Recently, I have been grappling with one of the downsides of being early to the game.  When R5 was released, internal storage of MIME was new on the scene, and it was not documented in the API.  No structures, no rules, no guidance.  Unfortunately, I had a strong desire to handle the MIME anyway, since I wanted my Midas Rich Text LSX to be able to create MIME, so I hacked at it until I understand, figuring out the data structures and rules as I went.  Later, in 5.0.2, when the data structures were at last documented, I switched to them but used most of the same code as before, just slightly modified.  At the time, this was great to have, since I sold Midas to lots of companies who wanted to send MIME emails, and I had this long before that was possible with the base classes.
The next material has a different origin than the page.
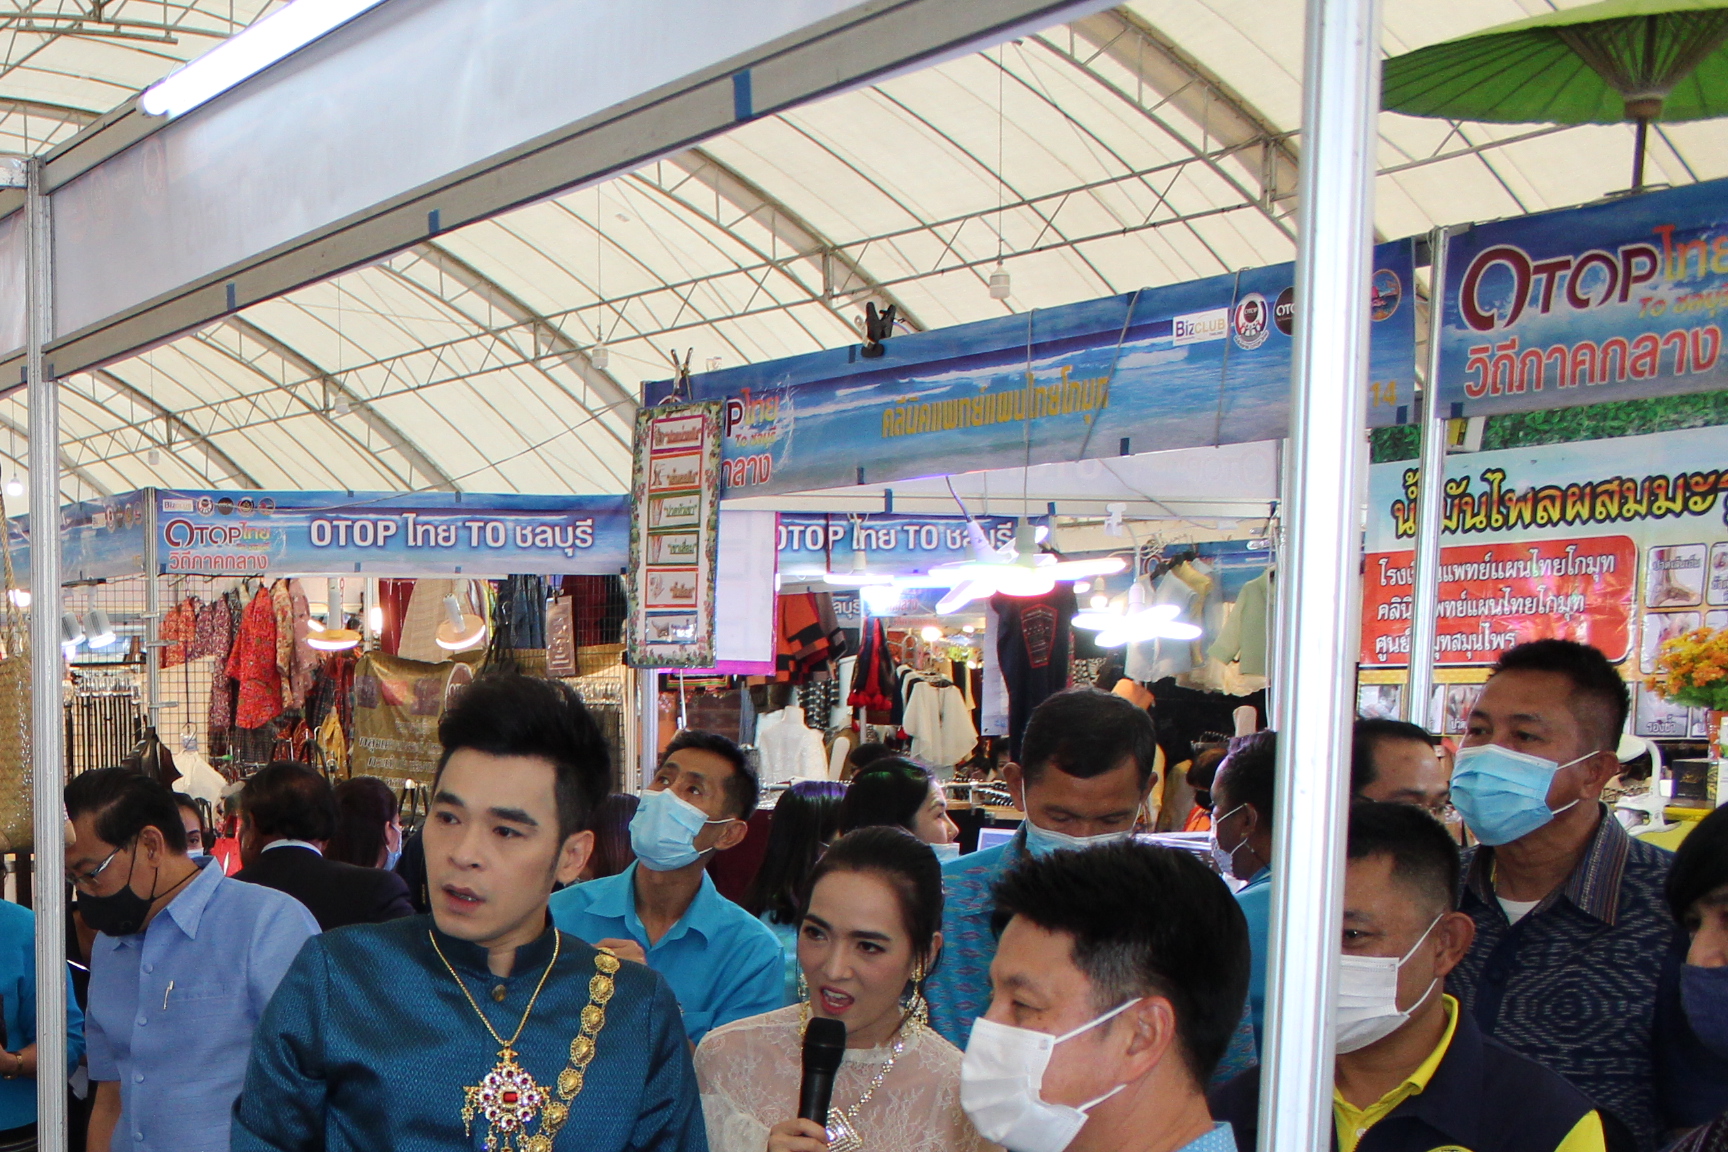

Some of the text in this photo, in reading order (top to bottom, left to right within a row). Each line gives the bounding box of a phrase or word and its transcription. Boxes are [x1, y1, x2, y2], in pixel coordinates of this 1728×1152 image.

But this code also planted the seeds of my later troubles.  While there is nothing wrong with the code I wrote when running on Windows or AIX, it was not restructured to run on other operating systems the way the rest of Midas is.  There was no ODSLength(_MIME_PART), and you couldn't use ODSWriteMemory and ODSReadMemory the way you always should with composite data, so I had just hardcoded the procedures.  That worked fine until I started my port of iFidelity for Linux, and ran into problem after problem after problem.  It took me far longer to figure out what was going on then it should, partly due to distractions such as a trip to Europe and the flu, but once I realized that I was tripping over my own earlier cleverness, it only took a little bit to undo the damage.  Now I am testing completely on all three operating systems (Windows, AIX and Linux) to be sure I have not broken somethign else while fixing this.

So, there are pitfalls to being early, even as there are rewards.